### Exercise data
···

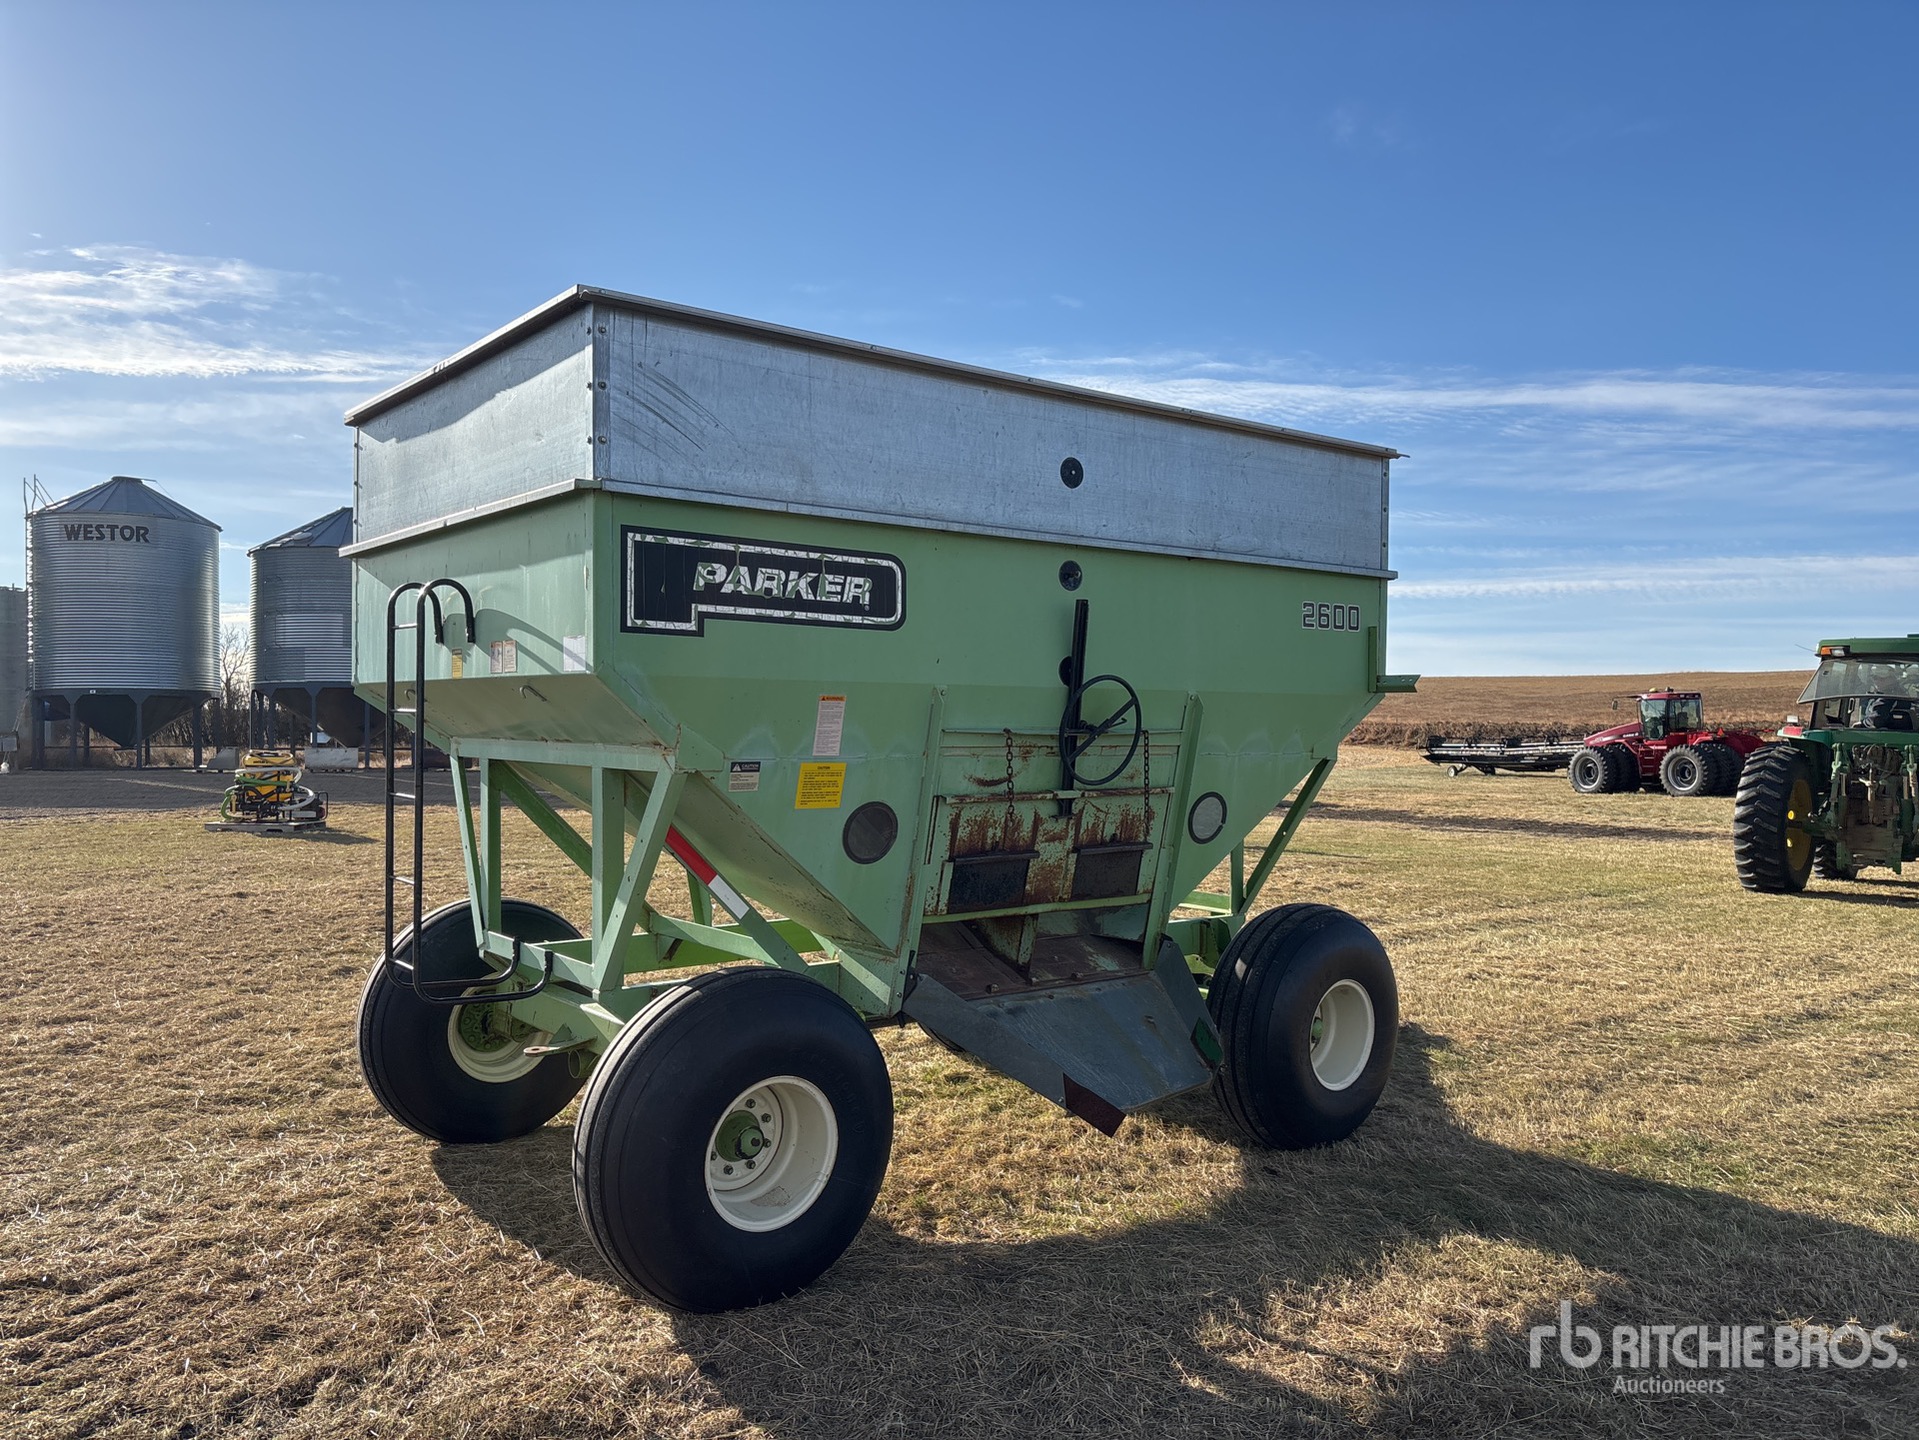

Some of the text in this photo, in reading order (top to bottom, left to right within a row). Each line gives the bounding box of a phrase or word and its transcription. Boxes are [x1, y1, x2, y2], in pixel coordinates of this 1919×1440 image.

[64, 524, 150, 543] WESTOR
[693, 562, 872, 604] PARKER
[1302, 601, 1360, 632] 2600
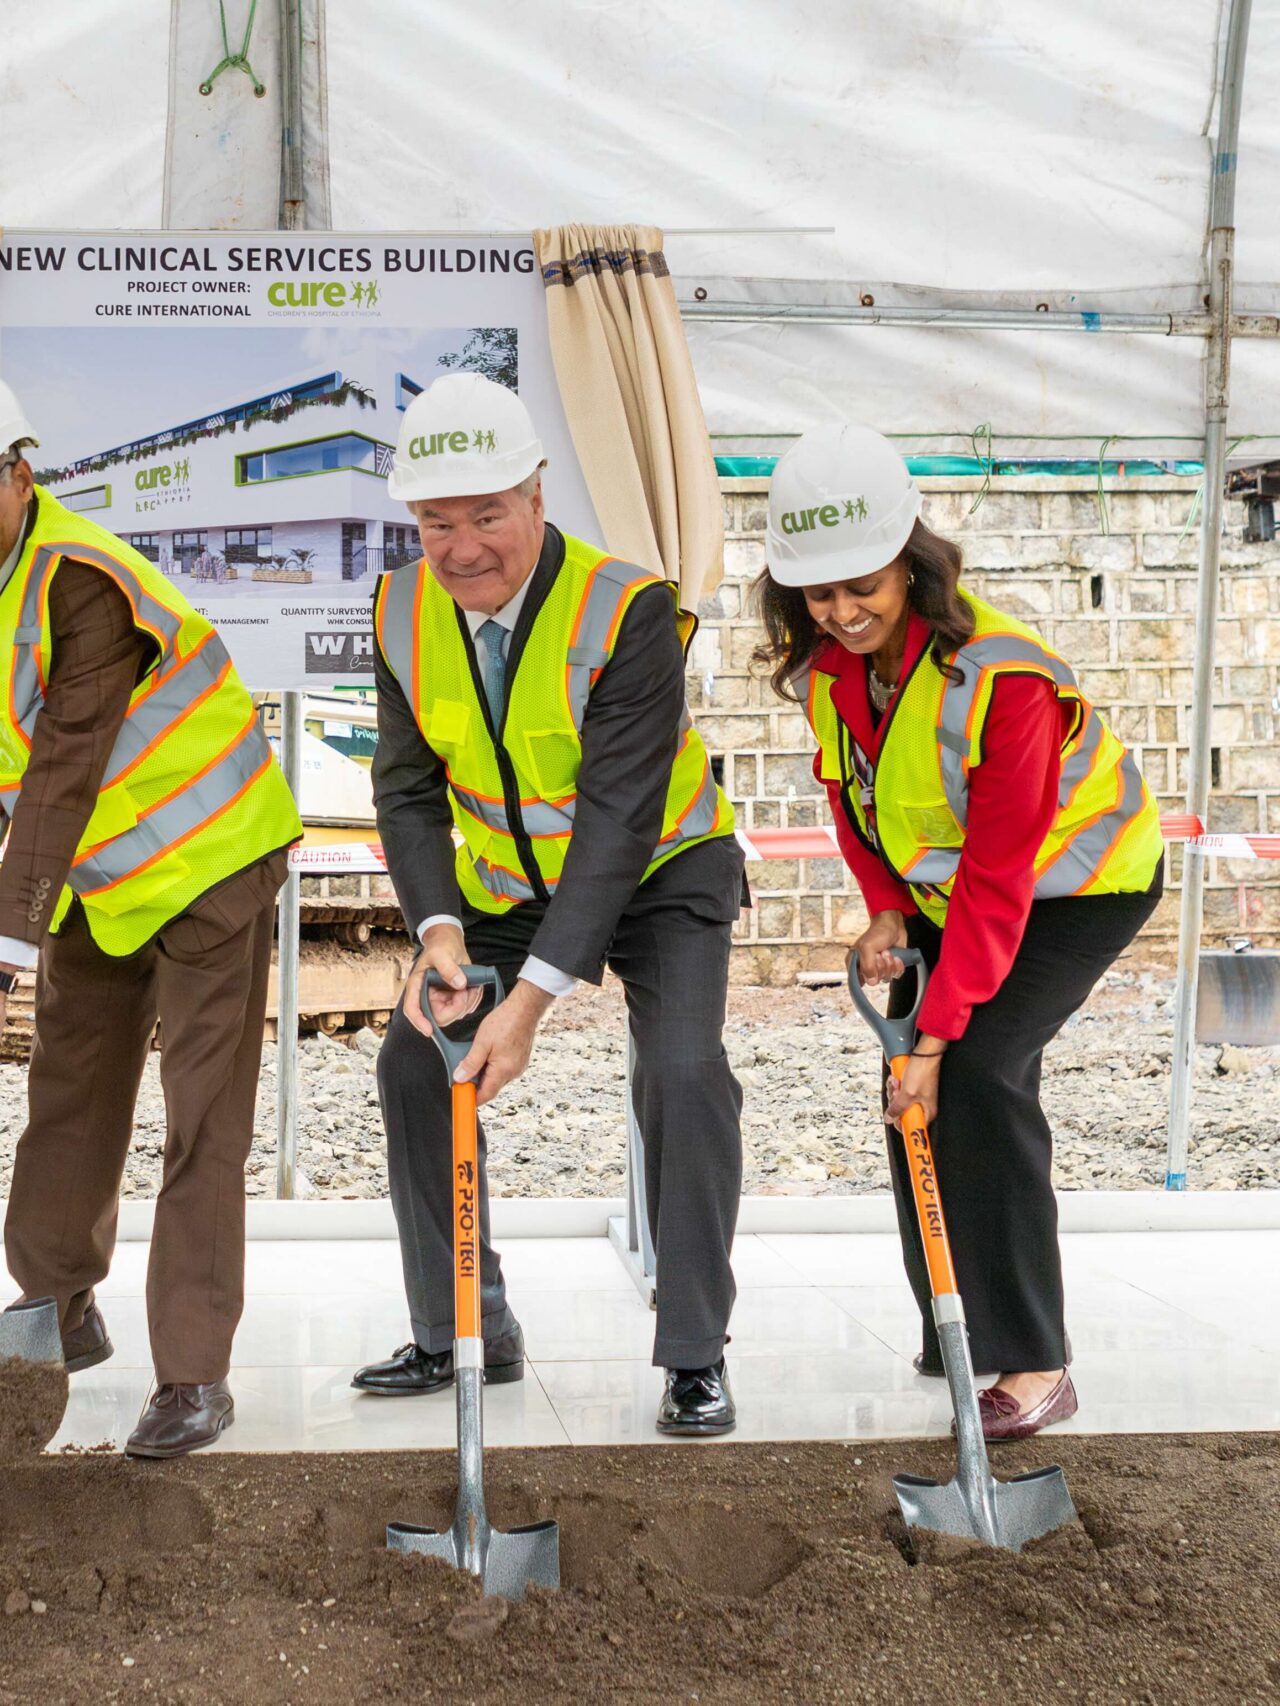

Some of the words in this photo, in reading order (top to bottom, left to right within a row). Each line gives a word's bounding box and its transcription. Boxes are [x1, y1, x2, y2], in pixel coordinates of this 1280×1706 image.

[77, 247, 217, 271] CLINICAL
[227, 247, 371, 272] SERVICES
[384, 249, 534, 273] BUILDING
[127, 281, 187, 293] PROJECT
[191, 281, 251, 293] OWNER:
[267, 281, 347, 307] cure
[95, 304, 132, 317] CURE
[137, 304, 252, 317] INTERNATIONAL
[408, 430, 469, 460] cure
[135, 465, 172, 491] cure
[781, 504, 840, 535] cure
[280, 607, 325, 616] QUANTITY
[290, 850, 351, 864] CAUTION

···

### What you should do
From the line containing "Some of the words" to the final line of the data, repeat each line exactly. Include both ends.

### Answer section
Some of the words in this photo, in reading order (top to bottom, left to right within a row). Each line gives a word's bounding box and its transcription. Boxes are [x1, y1, x2, y2], in pixel coordinates of this 1280×1706 image.

[77, 247, 217, 271] CLINICAL
[227, 247, 371, 272] SERVICES
[384, 249, 534, 273] BUILDING
[127, 281, 187, 293] PROJECT
[191, 281, 251, 293] OWNER:
[267, 281, 347, 307] cure
[95, 304, 132, 317] CURE
[137, 304, 252, 317] INTERNATIONAL
[408, 430, 469, 460] cure
[135, 465, 172, 491] cure
[781, 504, 840, 535] cure
[280, 607, 325, 616] QUANTITY
[290, 850, 351, 864] CAUTION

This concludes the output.